Bad faith: companies trying to keep the real abuse reports in-house


In the world of free and open source software, we have the unique phenomena of corporate employees working side by side with developers who work for competitors and also the unpaid volunteers.

After the commmunity elected me as the FSFE Fellowship representative in 2017, I began to receive significantly more detail about wrongdoing that goes on in the world of free and open source software. It is understandably surprising and disturbing for some of the larger companies to discover that these reports about their employees were going to an external volunteer and not to their in-house human resources department.

It is a useful moment to compare this situation to how it worked in the institutional abuse crisis. Australia's Royal Commission published many of the internal documents from the institutions concerned. One set of meeting minutes from the Archdiocese of Melbourne stands out. The Personnel Advisory Board (PAB), a group of highly trusted clergy who assist the Archbishop with the appointment of clergy to different roles, has realized that their board is too big and they need to create smaller sub-groups to handle the more sensitive cases.

Father X____ raised the question of how much is told to whom.

Father X____'s name appears frequently as somebody involved as an architect of the cover-up.
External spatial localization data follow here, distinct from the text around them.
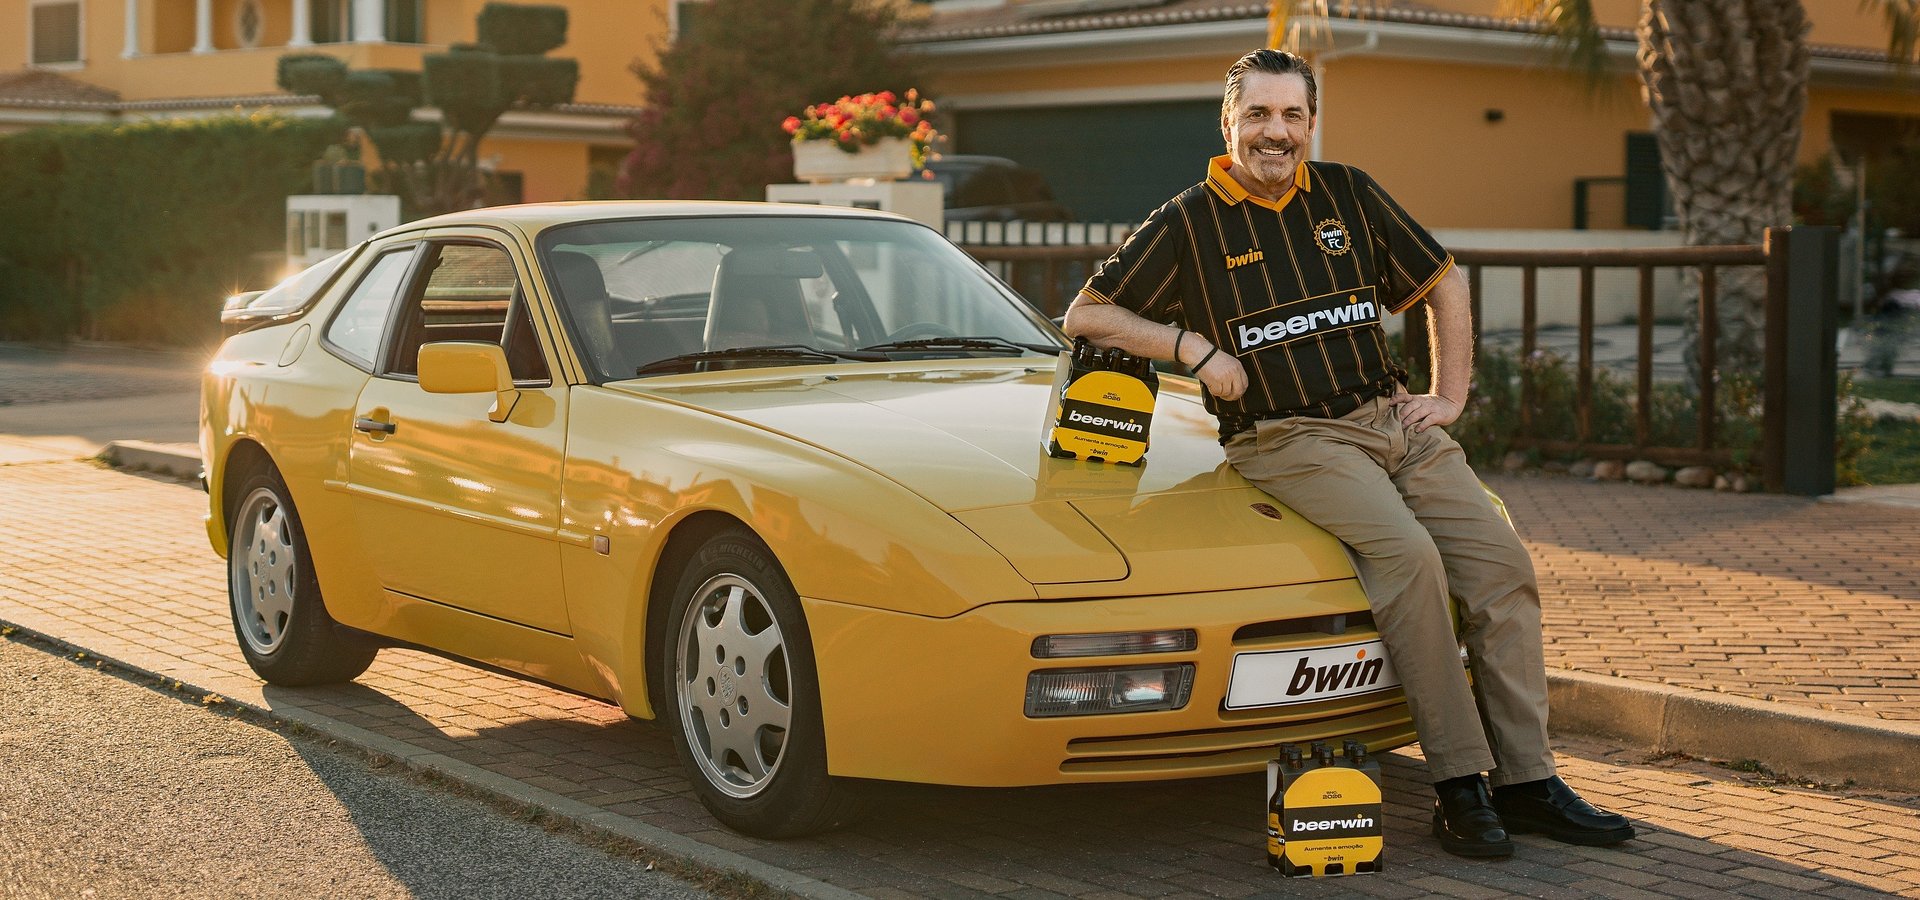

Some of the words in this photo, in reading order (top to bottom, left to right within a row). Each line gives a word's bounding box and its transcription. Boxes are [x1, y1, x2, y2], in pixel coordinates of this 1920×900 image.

[1321, 228, 1343, 240] bwin
[1328, 238, 1343, 249] FC
[1226, 248, 1263, 269] bwin
[1238, 295, 1375, 349] beerwin
[1069, 410, 1143, 433] beerwin
[1074, 435, 1100, 445] Aumenta
[1093, 448, 1109, 456] bwin
[720, 544, 765, 570] MICHELIN
[1285, 649, 1384, 696] bwin
[1293, 813, 1373, 832] beerwin
[1327, 854, 1344, 862] bwin
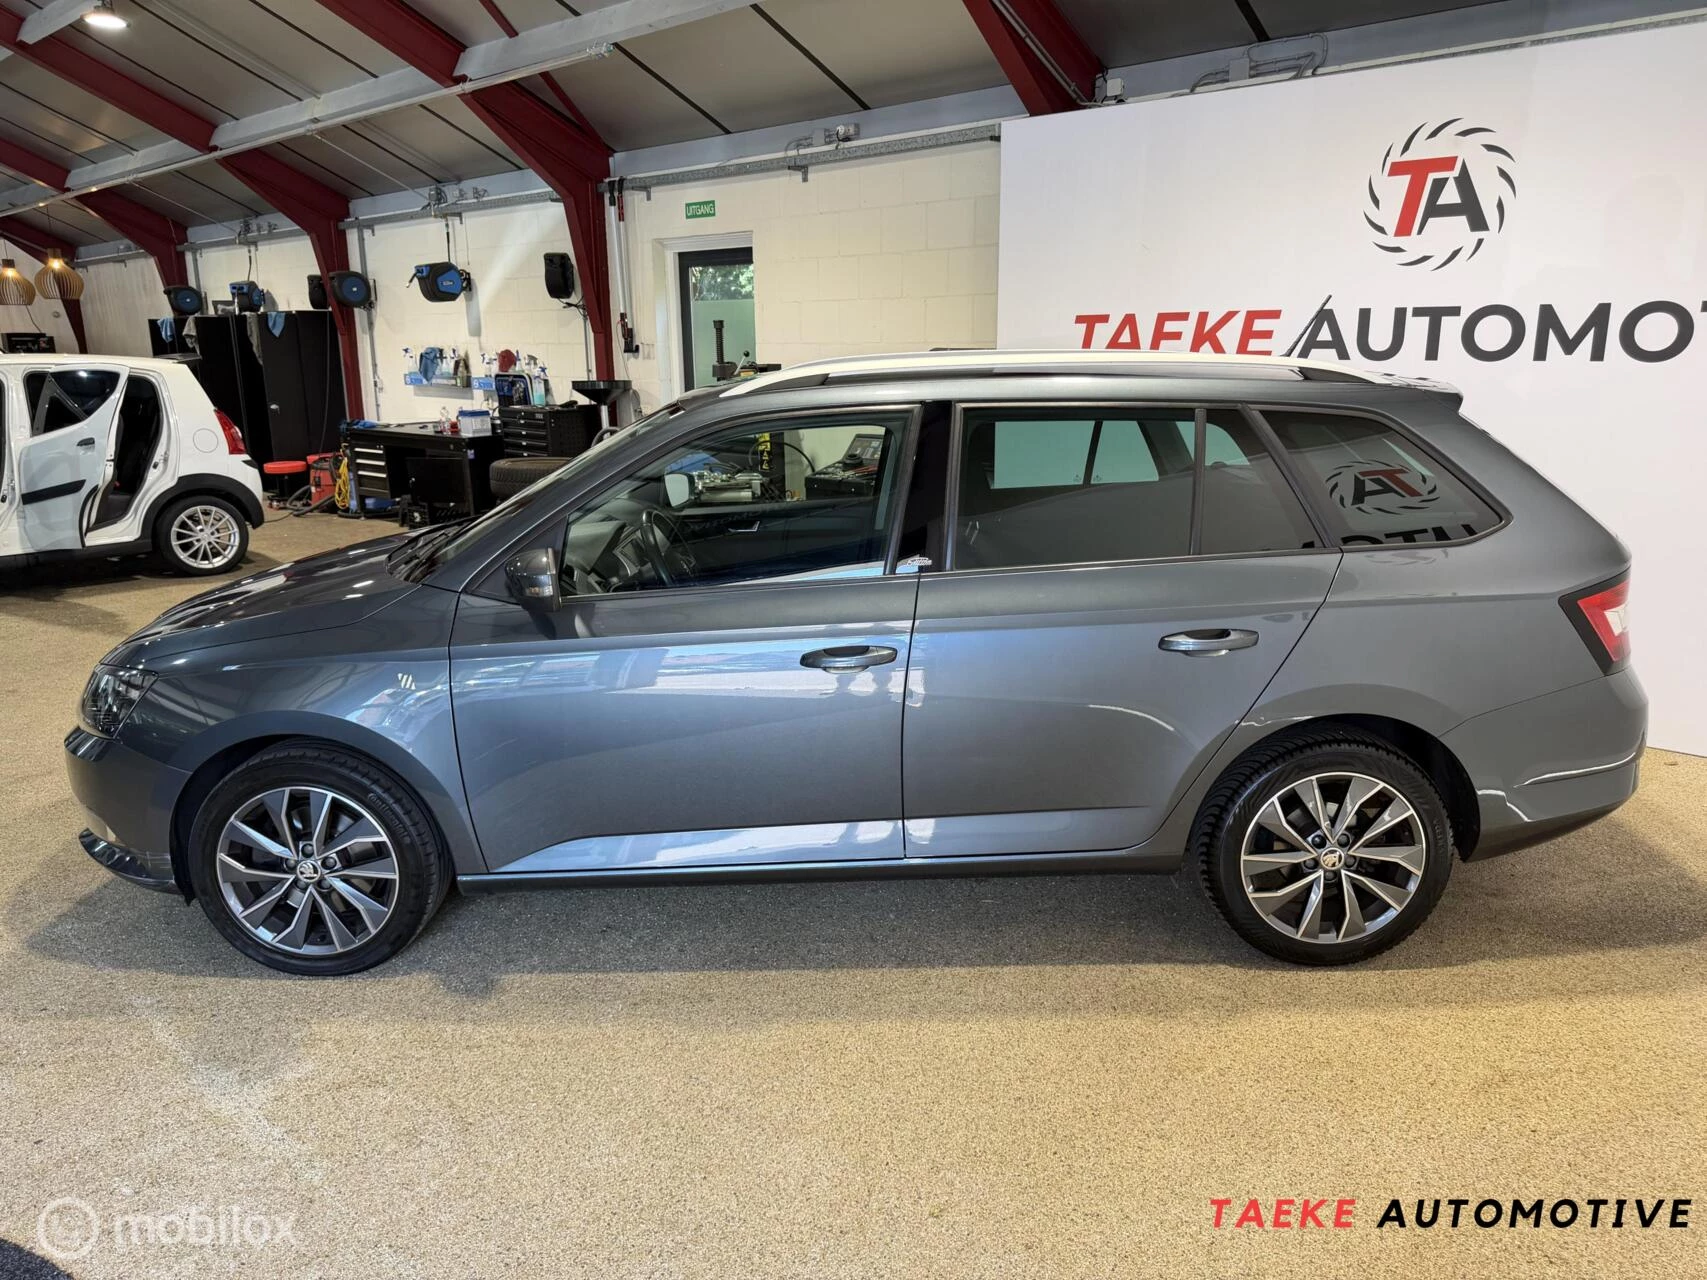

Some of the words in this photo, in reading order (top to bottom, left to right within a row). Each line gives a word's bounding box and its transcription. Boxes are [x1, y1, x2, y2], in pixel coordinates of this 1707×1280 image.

[686, 203, 715, 217] UITGANG
[1387, 155, 1490, 237] TA
[1297, 300, 1707, 363] AUTOMO
His parish web site notes that he went into retirement in 2016. Coincidentally, that was the very moment the Royal Commission was seeking answers from Cardinal Pell.
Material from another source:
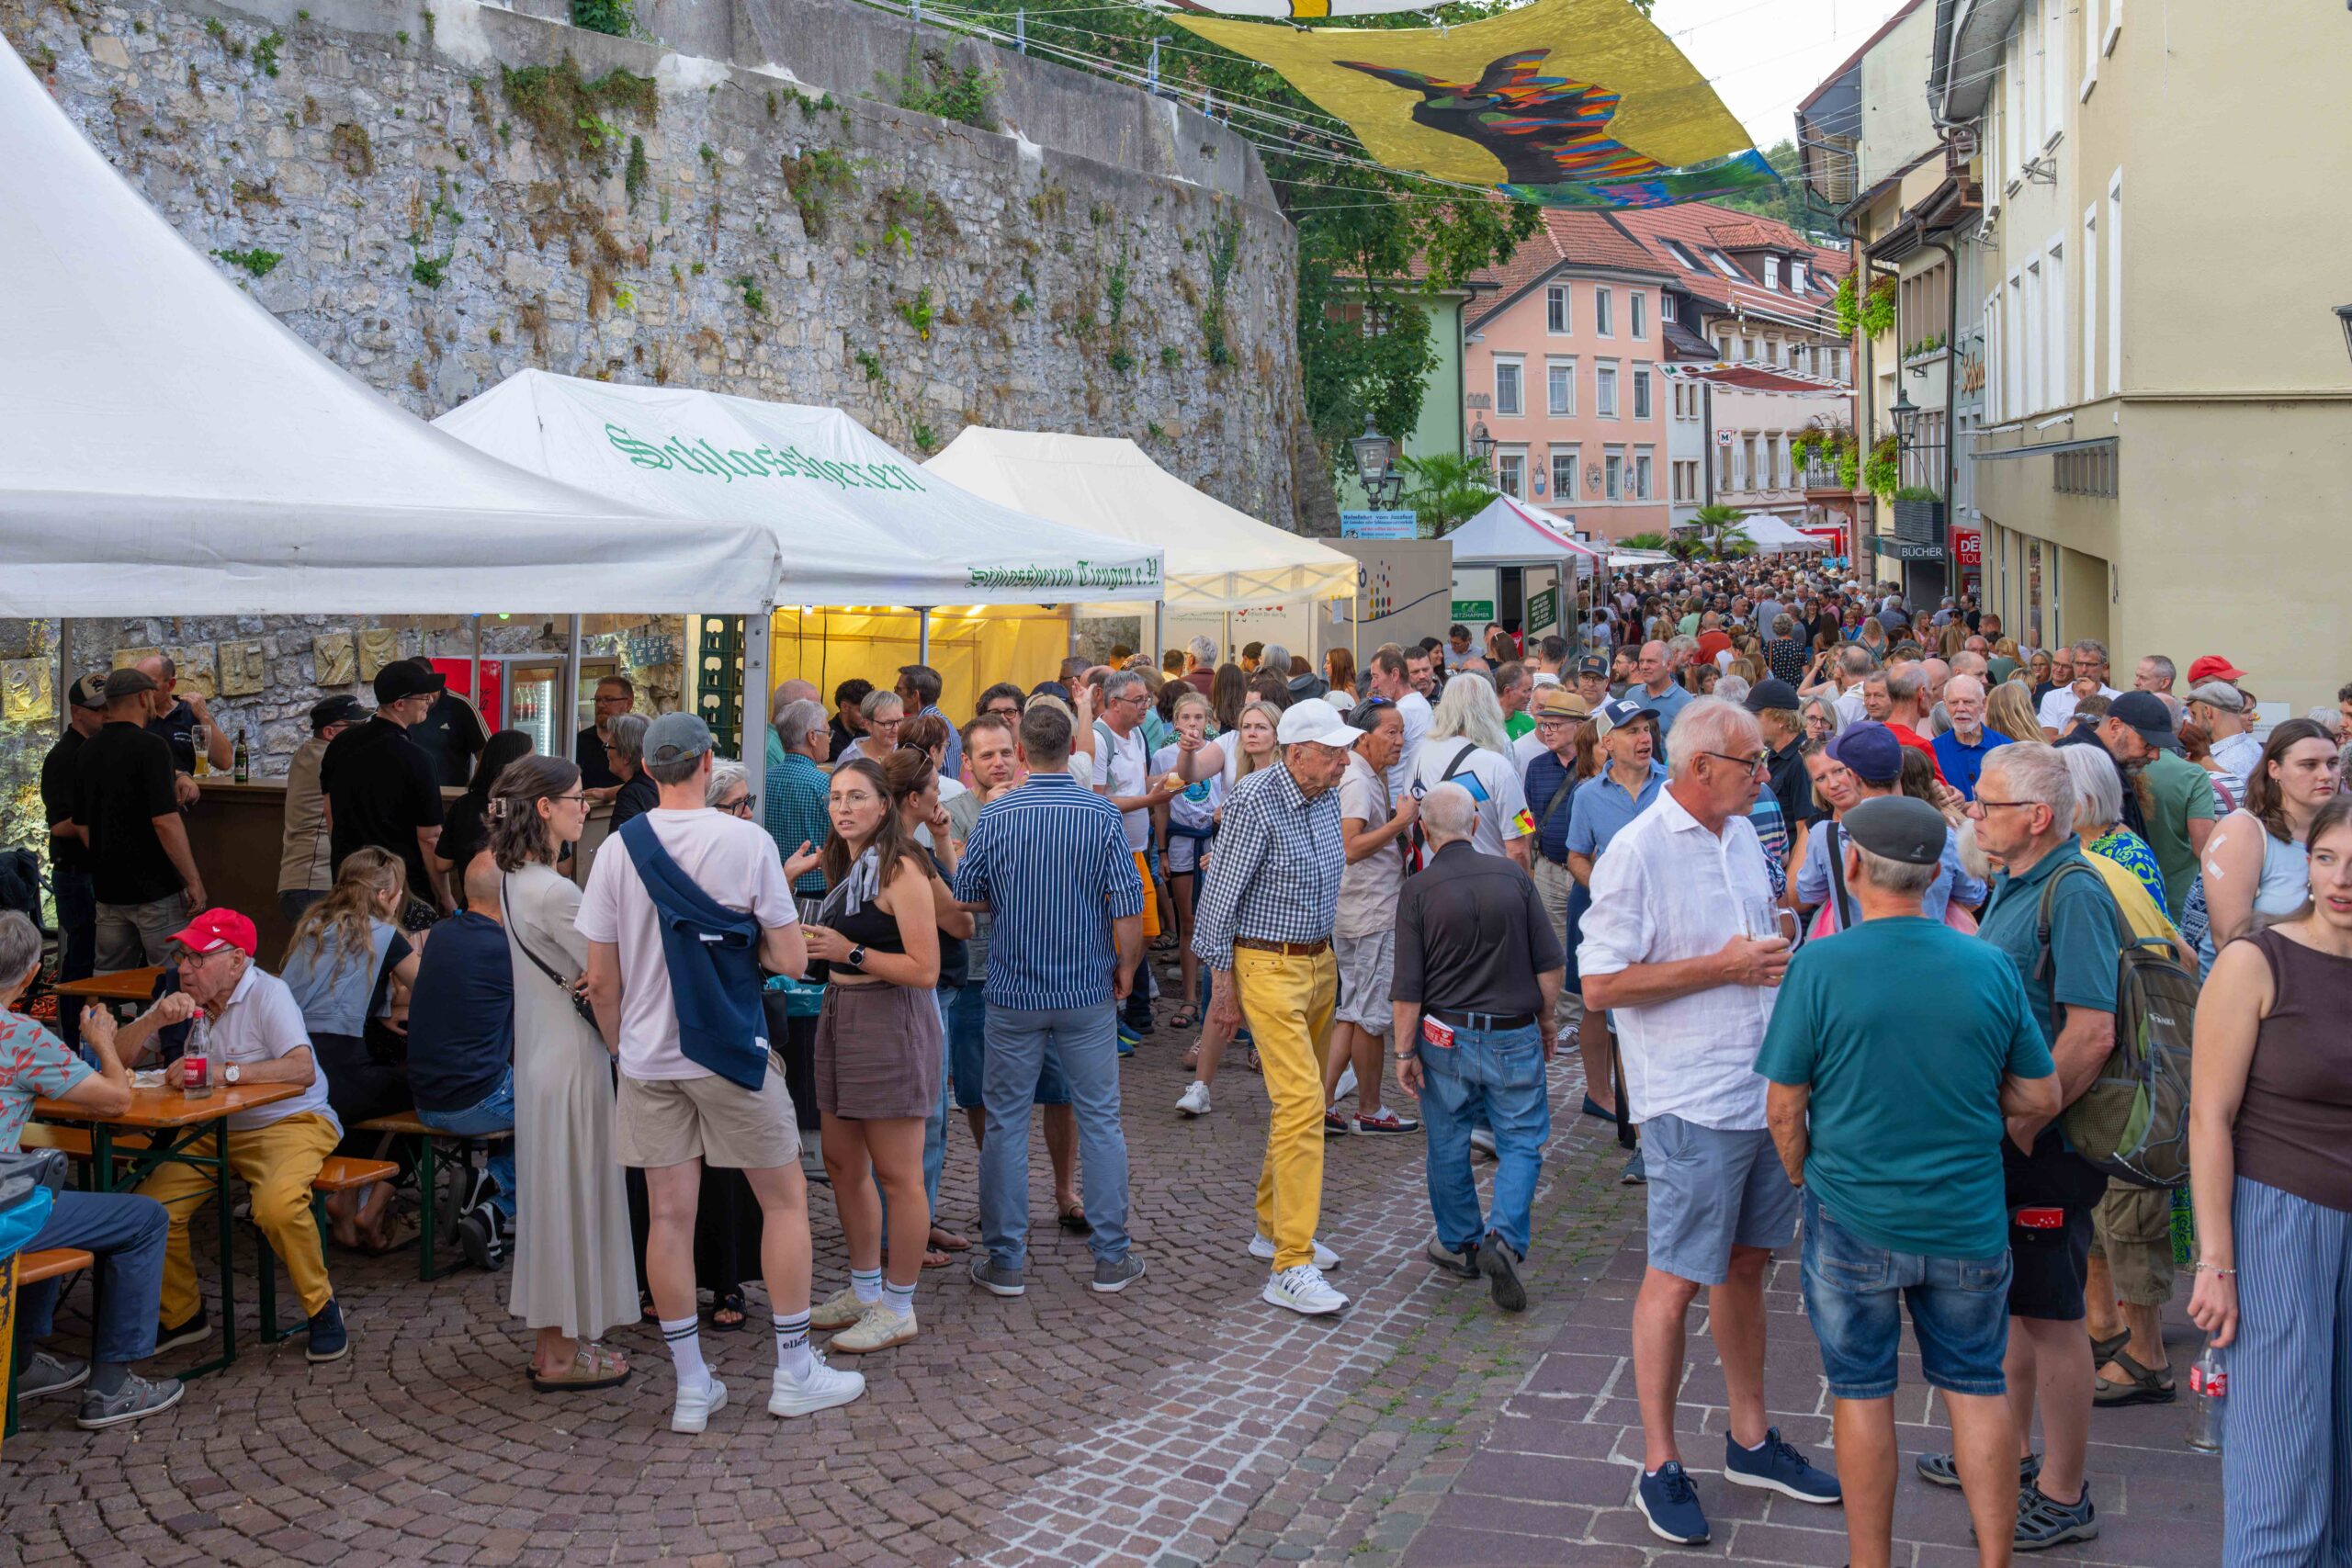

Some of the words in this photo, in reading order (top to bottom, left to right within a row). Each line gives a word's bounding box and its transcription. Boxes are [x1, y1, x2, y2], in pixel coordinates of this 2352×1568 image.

[1901, 545, 1943, 557] BÜCHER
[1961, 539, 1981, 552] DE
[1076, 559, 1134, 591] Tiengen
[1136, 558, 1159, 585] e.V.
Miraculously, Father X____ reappeared very briefly in 2023 to give a sermon at the funeral of a relative in a tiny village that few people would have heard of outside the state of Victoria. The following month, three people from that obscure village died in a mysterious mushroom poisoning that made headlines around the world.

Here is a snippet from the sermon, the man who moved pedophiles not only from one parish to another but also from one institution to another. He mentions a family connection with a former superintendent of An Garda Siochána (the Irish police).

By moving known pedophiles around, Father X____ enabled more abuse to take place and this resulted in more lives destroyed by overdoses and suicides.

Those seeking to discredit a former community representative are acting a lot like the institutions in the abuse crisis. As the WIPO UDRP guidelines tell us, anything that tarnishes the brand of Debian or the church has to be censored and covered up.

They are seeking to remove, censor and discredit me simply because people told me things I wasn't supposed to know. They would have preferred that some of these issues with women and children were only known to a select group of people appointed by the companies, just as the Personnel Advisory Board sought to limit knowledge of certain matters to the smallest possible sub-committee of clergy.

While the move to keeping information in-house is understandable and many companies even have an obligation to do so due to the privacy rights of their employees, it is not acceptable that they retrospectively punish me for my knowledge of these things. If punishing me or discrediting me for that role is part of their objective, they are the ones behaving in bad faith, violating UDRP rule 15(e).